The jazz, played in front of a backdrop of triceratops skulls, began at 5:30 p.m. when dozens of invited guests were already milling through the first-floor exhibit halls. More than 150 attended the event, which lasted through much of the evening. In his opening remarks, Peabody Director David Skelly said the exhibit aimed to tell the story of the museum and its place in Yale history. Skelly’s predecessor, former director Derek Briggs, said they chose displays they thought would resonate with the public.

“Objects in this room helped crack some of the biggest problems in science that humanity faced, for example articulating a theory of where biodiversity came from and how it is maintained, that is, evolution,” said Thomas Near, Saybrook College master and associate curator of vertebrate zoology at the Peabody. “On one hand, it is, I think, a wonderful overview of the history of science and cultural anthropology here at Yale, but on the other hand it’s also a celebration of the contribution that those objects and studying those objects have contributed to science globally.”
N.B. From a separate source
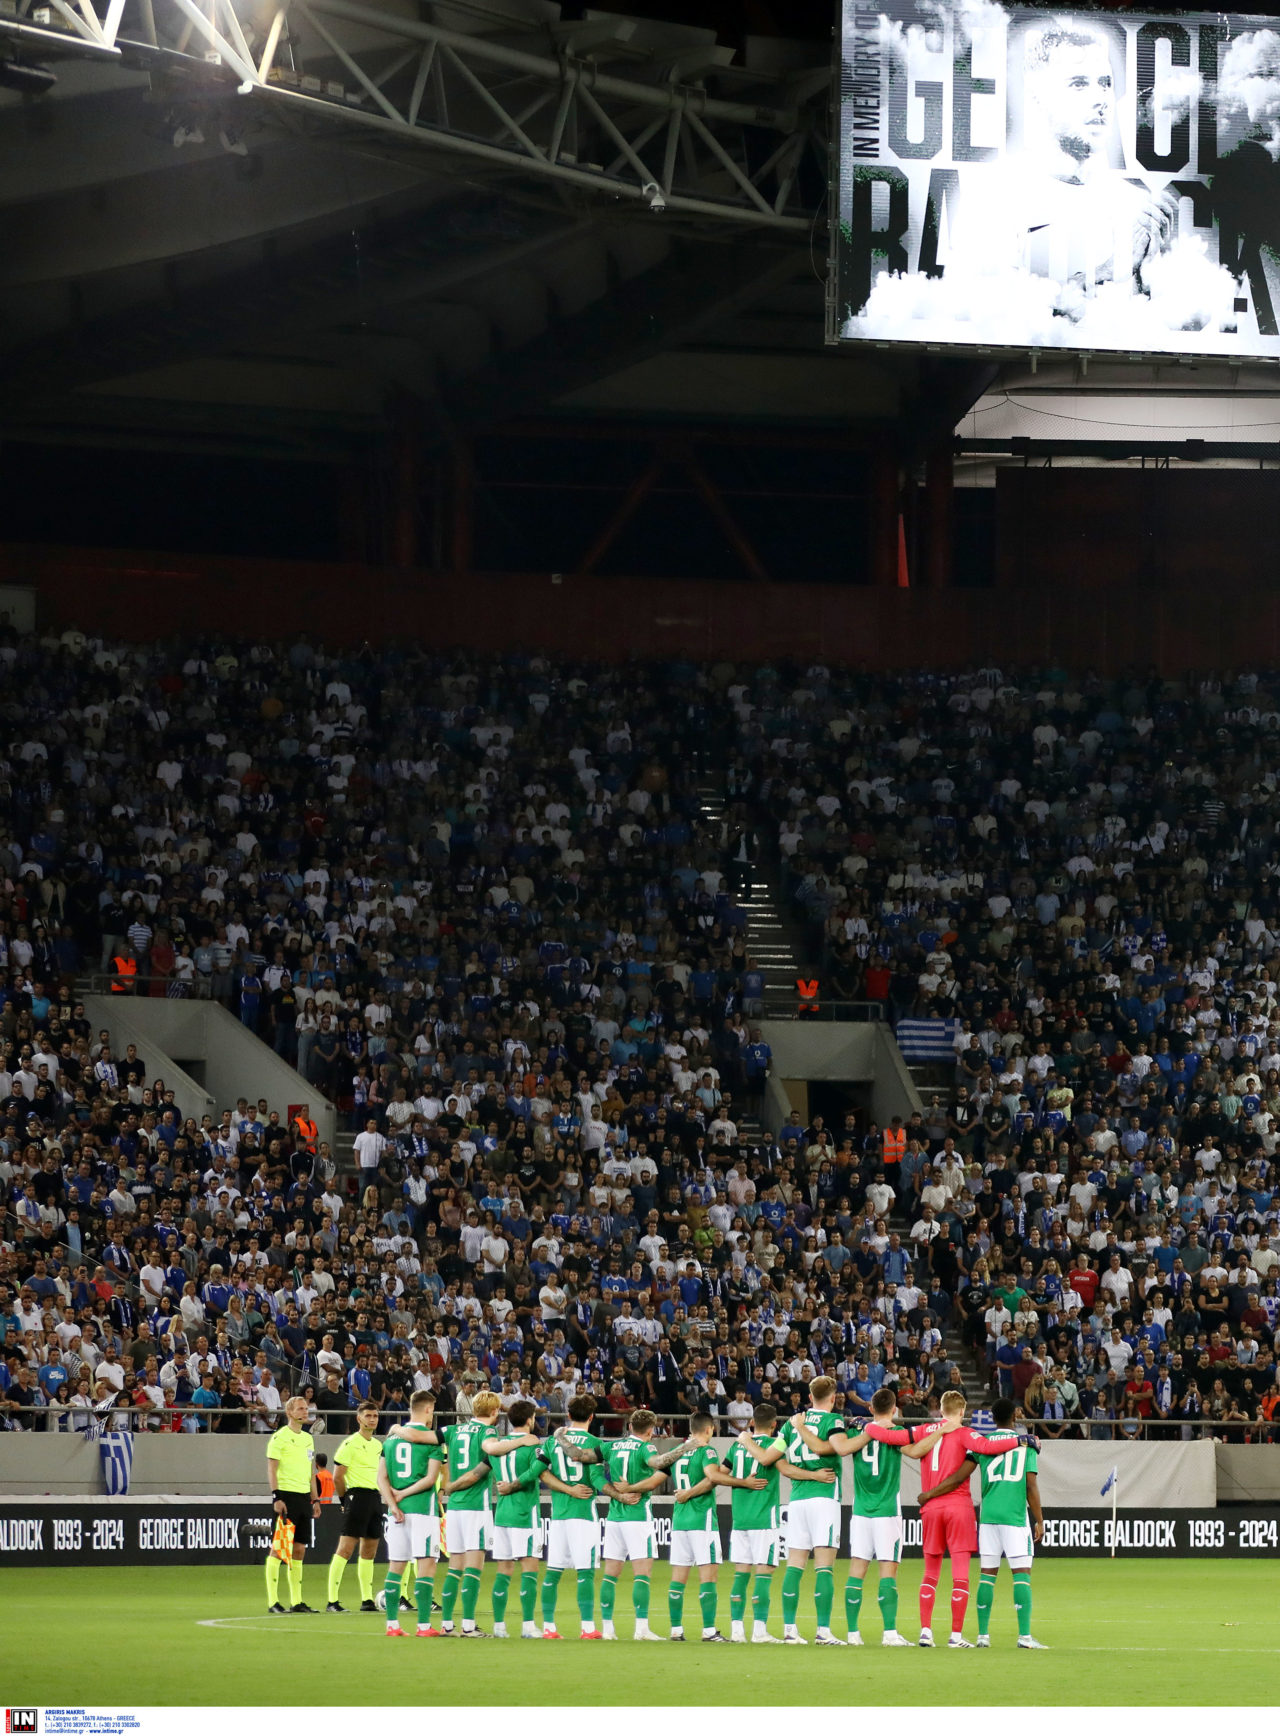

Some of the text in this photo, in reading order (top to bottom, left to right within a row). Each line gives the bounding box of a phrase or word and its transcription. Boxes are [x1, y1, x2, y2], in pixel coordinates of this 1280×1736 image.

The exhibit features a timeline of the Peabody, beginning with the founding of Yale in 1701 and ending with recognition of the museum’s place as a world leader from the 1960s to the present. Among the artifacts displayed through the timeline is the Culpeper/Loff Double Microscope. The College purchased this, Yale’s first microscope, in 1735, seven decades before a professor of science arrived at the school.

Farther into the exhibit hall, some of the greatest treasures of the Peabody’s 13 million-piece collection are on display — normally, only 0.04 percent of specimens in collection can be shown at one time. The selection process lasted about a year, with curators seeking submissions from collection managers of each of the Peabody’s 10 departments.
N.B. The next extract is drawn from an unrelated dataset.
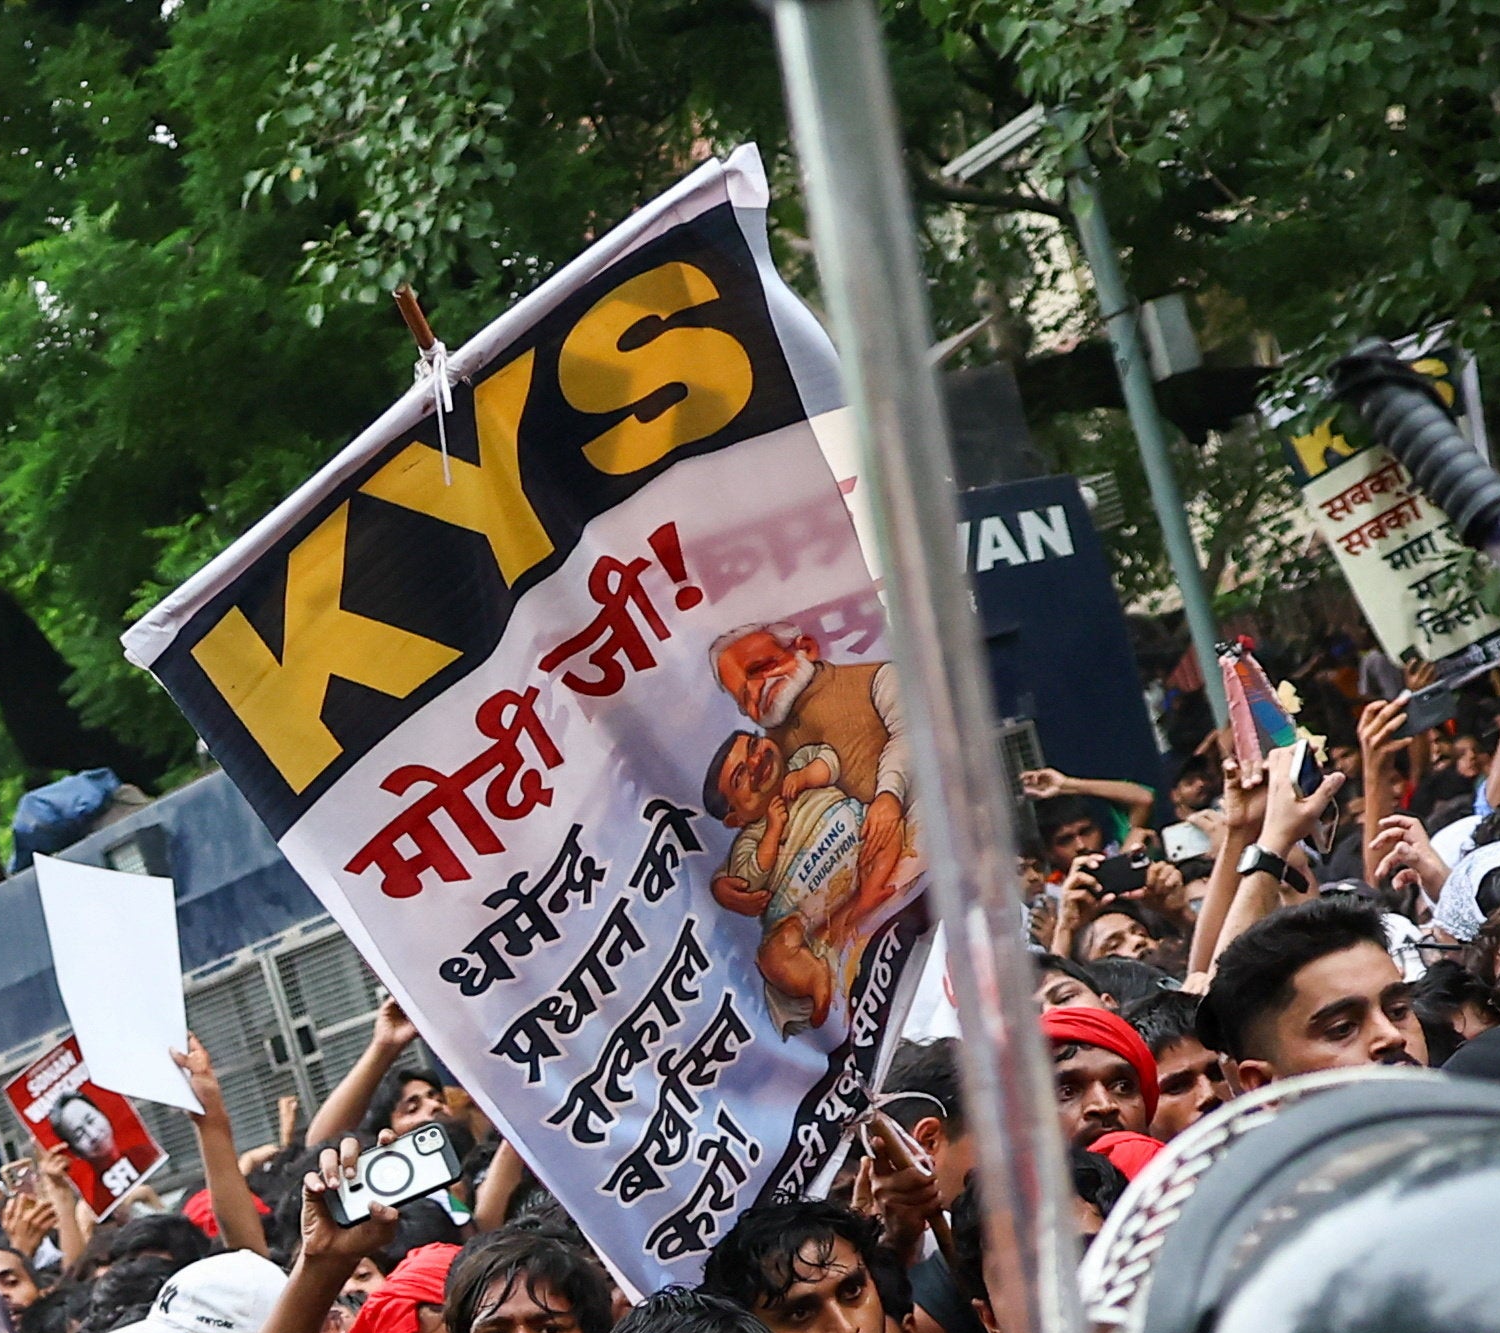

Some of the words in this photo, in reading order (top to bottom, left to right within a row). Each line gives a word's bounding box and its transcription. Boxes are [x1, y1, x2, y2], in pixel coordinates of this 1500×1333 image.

Near explained that the exhibit linked past scientific discovery with modern research.

“I think that there are very important contemporary issues that we’re able to deal with in the context of our objects,” Near said. “For example, we have [an] ivory-billed woodpecker, which is presumed extinct, and a frog specimen that represents a type specimen of a new species of frog, discovered in Staten Island, New York. In that sense, biodiversity conservation is here, and also biodiversity discovery, even in our own backyard, is still an ongoing process.”
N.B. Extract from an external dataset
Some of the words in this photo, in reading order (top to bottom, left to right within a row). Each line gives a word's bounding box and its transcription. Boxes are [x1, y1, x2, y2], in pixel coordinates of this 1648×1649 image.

Near said it was difficult to encapsulate the entirety of the museum’s 150-year history, given the size of the museum’s collection and the significance so many of its pieces bear to the scientific record. Nevertheless, the Peabody curators succeeded in creating an exhibit that unified artifacts from across the departments and the museum’s archives in both an aesthetic and informative manner, he said.

Geology and geophysics professor Bhart-Anjan Bhullar ’05 described the Peabody’s vertebrate paleontologists as the modern-world successors of O. C. Marsh, who graduated from Yale College in 1860. Marsh, who contributed extensively to the museum’s collection, was a paleontologist and the nephew of the Peabody’s founder.

“We still go out there. We dig up fossils,” Bhullar said. “But in the lab, during the year, we’re doing advanced 3-D processing of CT-scanned data to pull things from the fossils that no one was able to do before.”

While much of his work is driven by technology, Bhullar said he remains committed to the principle of tactile display as a medium for museum exhibition and the centrality of physical objects to the historical record.

Bhullar noted that imaging technologies and 3-D printing could allow for new modes of physical displays that could translate research at the genetic level to large-sale, three-dimensional, visual displays, but he acknowledged that scientific discovery could not revolve solely around the microscopic.

“The fossils are the things that record the actual story of life on earth. You’ll never get that from genes, you’ll never get that from the lab, you have to explore, you have to find new sites, you have to find new fossils. They’ll tell you surprising things that you would never have predicted.”

Skelly chose to view the exhibit not just as a celebration of the museum’s past, but also wanted to look forward to the Peabody’s next 150 years of impact on science education.

“I think [the Peabody] will be doing what it was doing 150 years ago and what it’s doing now, supporting the research and teaching initiative at the University,” Skelly said. “Getting people into museums is going to get harder and harder … but what this shows, I think is that people want to see the real thing, so I hope they’ll keep coming.”